(Stored data entries)
*** Block opens ***
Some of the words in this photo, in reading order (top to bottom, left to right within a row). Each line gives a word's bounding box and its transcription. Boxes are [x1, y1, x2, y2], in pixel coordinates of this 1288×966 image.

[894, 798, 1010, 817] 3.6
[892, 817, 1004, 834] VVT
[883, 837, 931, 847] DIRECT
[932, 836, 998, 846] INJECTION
*** Block closes ***
### Task details
Would you please write the entries out again in full, exactly as given?

### Exercise result
Some of the words in this photo, in reading order (top to bottom, left to right within a row). Each line gives a word's bounding box and its transcription. Boxes are [x1, y1, x2, y2], in pixel coordinates of this 1288×966 image.

[894, 798, 1010, 817] 3.6
[892, 817, 1004, 834] VVT
[883, 837, 931, 847] DIRECT
[932, 836, 998, 846] INJECTION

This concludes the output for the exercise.